Но се уже не было, и я чувствовал, что тварь готовится броситься на меня, поэтому я оставил ее и побежал. Но было уже поздно. Меня зацепила лапа, и я полетел лицом вниз на булыжники. Попытался подняться, но меня, кажется, парализовало. Сил хватило только перевернуться. Горгулья нависла надо мной, страшная морда исказилась призрачной ухмылкой.
Я закрылся рукой, и тут же меня охватил страшный приступ головокружения. Будто сами булыжники мостовой подо мной растаяли, и я полетел в темную бесформенную яму. Кажется, я закричал. Потом, наверное, я потерял сознание, потому что следующее, что я увидел, когда открыл глаза, была прохладная лесная поляна. В дубовых ветвях чирикали и пели птицы; контрапунктом отзывалось им ленивое жужжание насекомых. Пахло клевером и острыми ароматами вербейника и мяты. Поглядев в небо, я понял, что сейчас то время дня, когда, сменяя уходящее солнце, кобальт вечернего неба расползается, как непостижимые слова по странице.
Заржала лошадь, и я, повернув голову, увидел величественного гнедого охотничьего скакуна, который щипал траву. Он был снаряжен по английской охотничьей традиции.

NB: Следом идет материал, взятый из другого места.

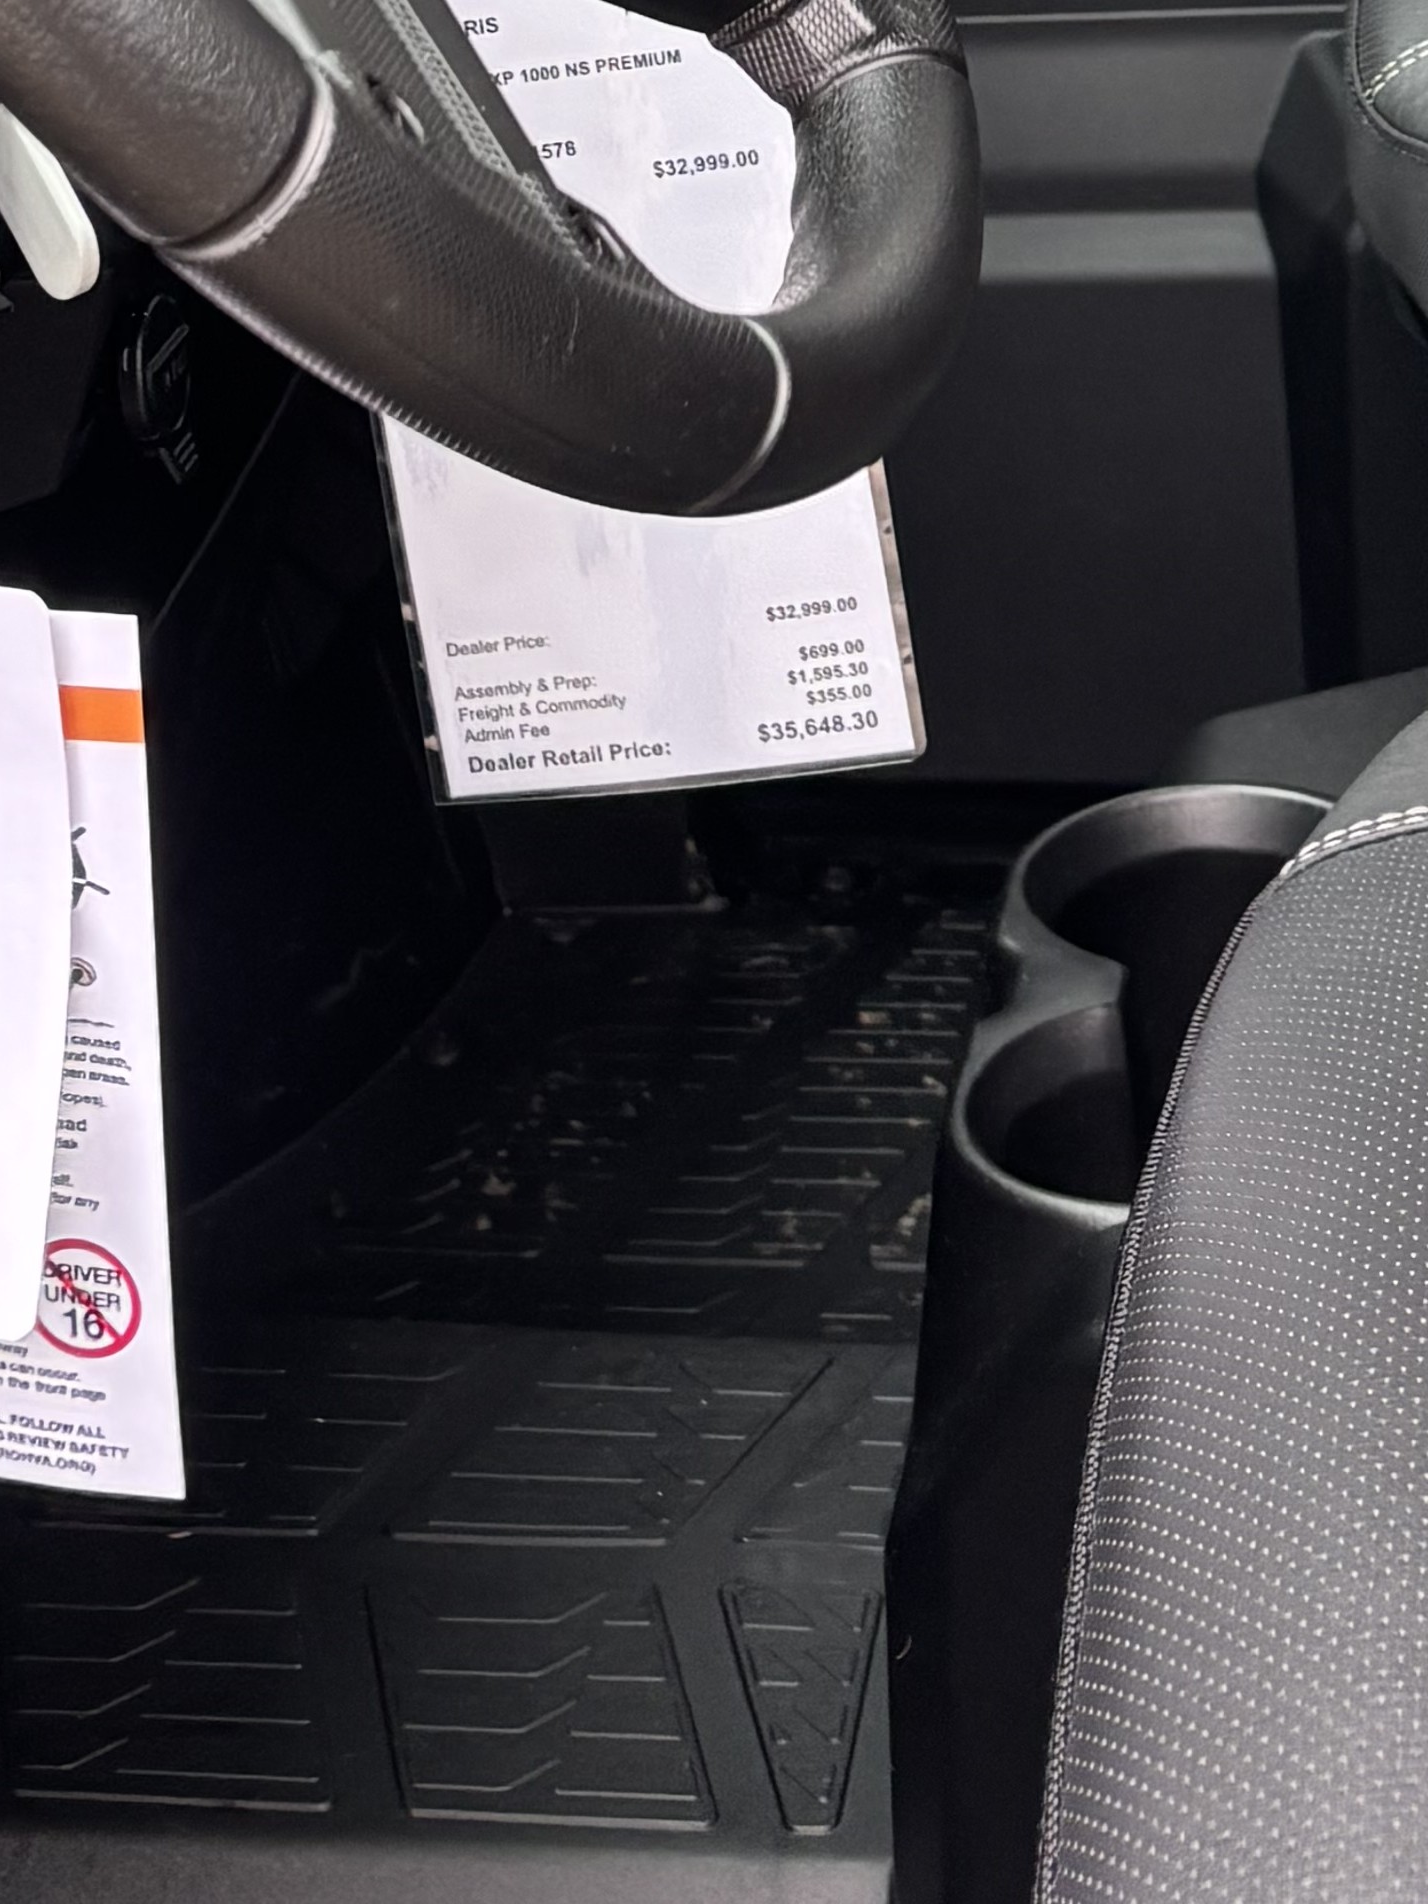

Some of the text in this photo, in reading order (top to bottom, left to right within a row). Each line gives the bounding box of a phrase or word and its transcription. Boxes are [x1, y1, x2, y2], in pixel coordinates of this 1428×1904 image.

[464, 16, 499, 36] RIS
[520, 65, 560, 83] 1000
[565, 61, 591, 77] NS
[595, 48, 683, 75] PREMIUM
[536, 139, 577, 159] 578
[652, 149, 760, 179] $32,999.00
[766, 596, 858, 623] $32,999.00
[446, 634, 551, 658] Dealer Price:
[798, 638, 866, 662] $699.00
[786, 660, 870, 686] $1,595.30
[454, 673, 598, 702] Assembly & Prep:
[806, 683, 873, 706] $355.00
[458, 693, 627, 724] Freight & Commodity
[464, 723, 551, 744] Admin Fee
[757, 709, 880, 744] $35,648.30
[468, 740, 673, 774] Dealer Retail Price:
[42, 1261, 122, 1289] DRIVER
[43, 1284, 122, 1313] UNDER
[62, 1309, 105, 1341] 16
[75, 1424, 106, 1440] ALL
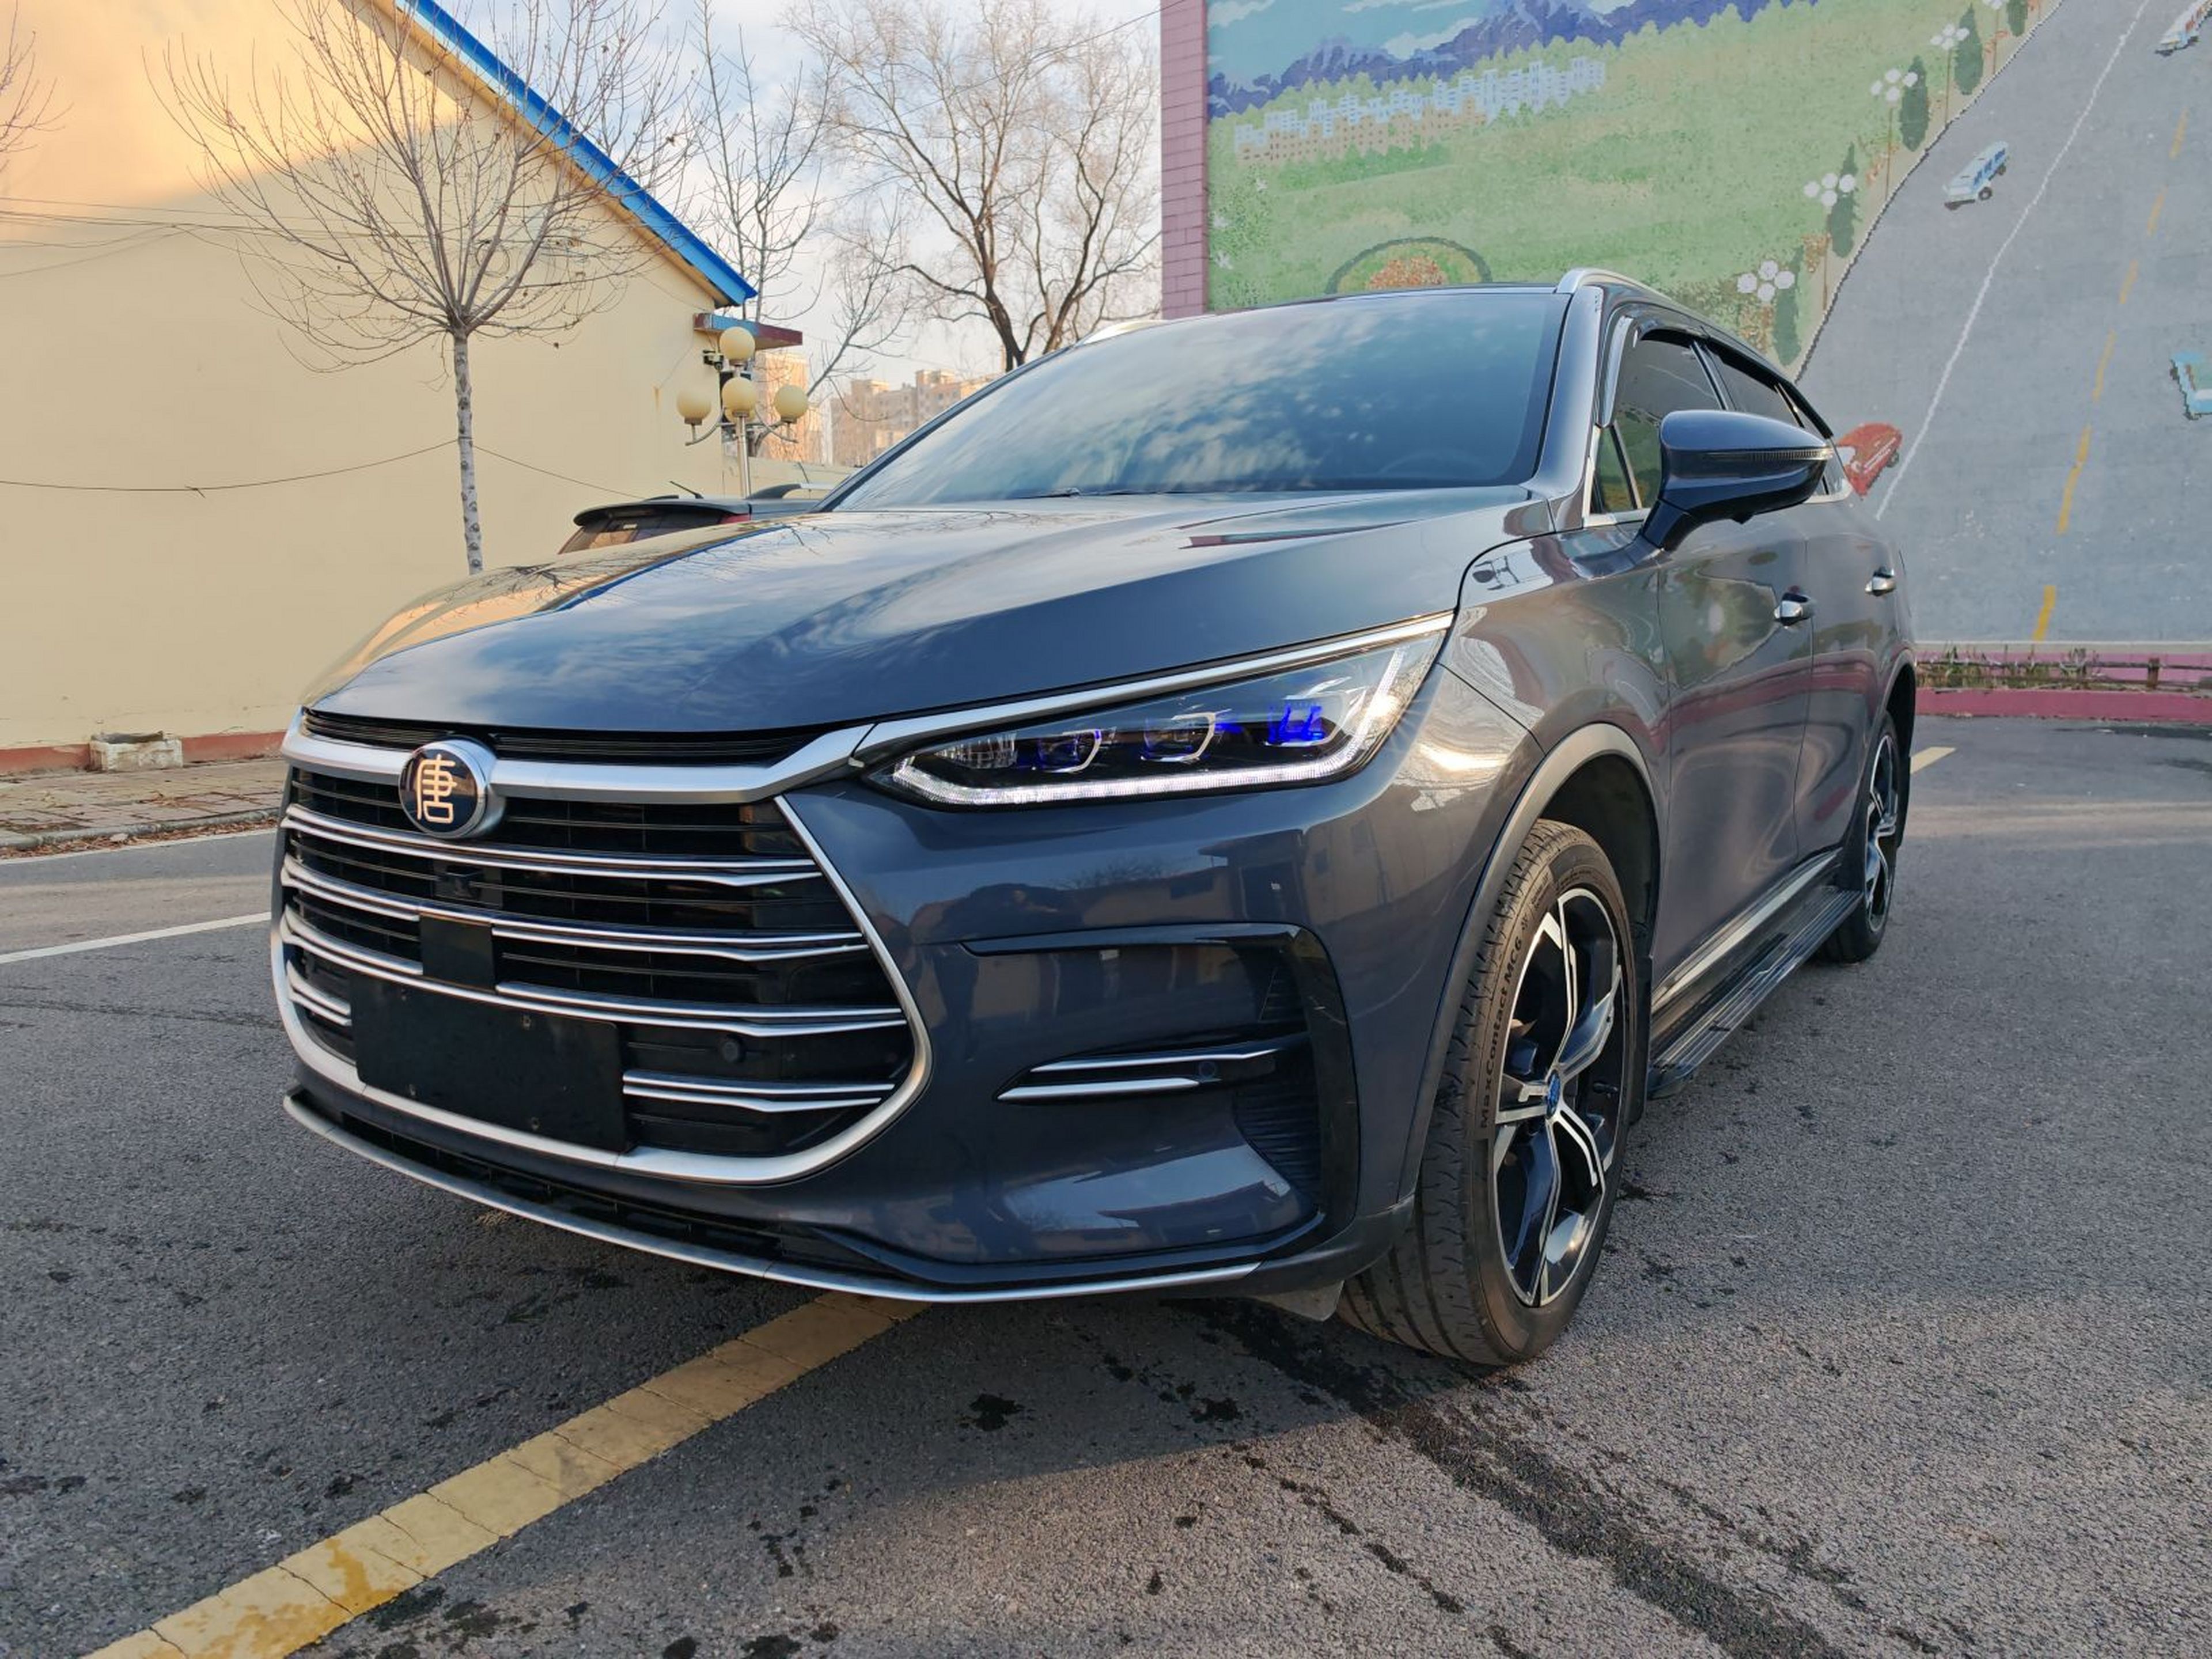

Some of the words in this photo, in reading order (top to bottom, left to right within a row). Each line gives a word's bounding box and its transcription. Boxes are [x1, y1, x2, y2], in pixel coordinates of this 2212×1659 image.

[416, 753, 458, 824] 唐
[1480, 987, 1508, 1128] MaxContact
[1504, 936, 1522, 983] MC6

Тут я услышал дробный стук копыт, оглянулся и увидел вороную лошадь с белой звездой во лбу, а еще я увидел лицо женщины. Совершенно поразительное, с изумрудными глазами и темно-белокурыми волосами, спадавшими на плечи, густыми, как лес. Лучезарная — такое слово приходило на ум. Лучезарная, как мало кто бывает или даже может надеяться быть. Она уверенно держалась в седле, одета она была в дорогой, но практичный охотничий костюм темно-синего цвета, кроме шелковой юбки — та была молочно-белой.
— Вы не ушиблись? — спросила она с приятным четким английским акцентом.
— А должен был? — спросил я в ответ. И протер глаза, которые, к моему окончательному ужасу, источали слезы. Я хотел перестать реветь, но не мог. Мне не хватало Вав; я хотел, чтобы она вернулась. До меня дошло, что в ее обществе мне впервые за много лет было легко.
— Издали казалось, будто вы сильно упали, но теперь я понимаю, что лесная подстилка из дубовых листьев приняла удар на себя.
Я понятия не имел, о чем она говорит. Но когда я встал, то обнаружил, что отряхиваю листья и мусор с бриджей и высоких черных охотничьих сапог. И ни следа крови Вав, которая секунду назад залила меня с головы до ног. Я снова заплакал, и так обильно, что мне от смущения пришлось от нее отвернуться.
— Кажется, все в порядке, — ответил я, когда смог взять себя в руки. Потом приложил ладонь ко лбу. — Только голова немножко болит.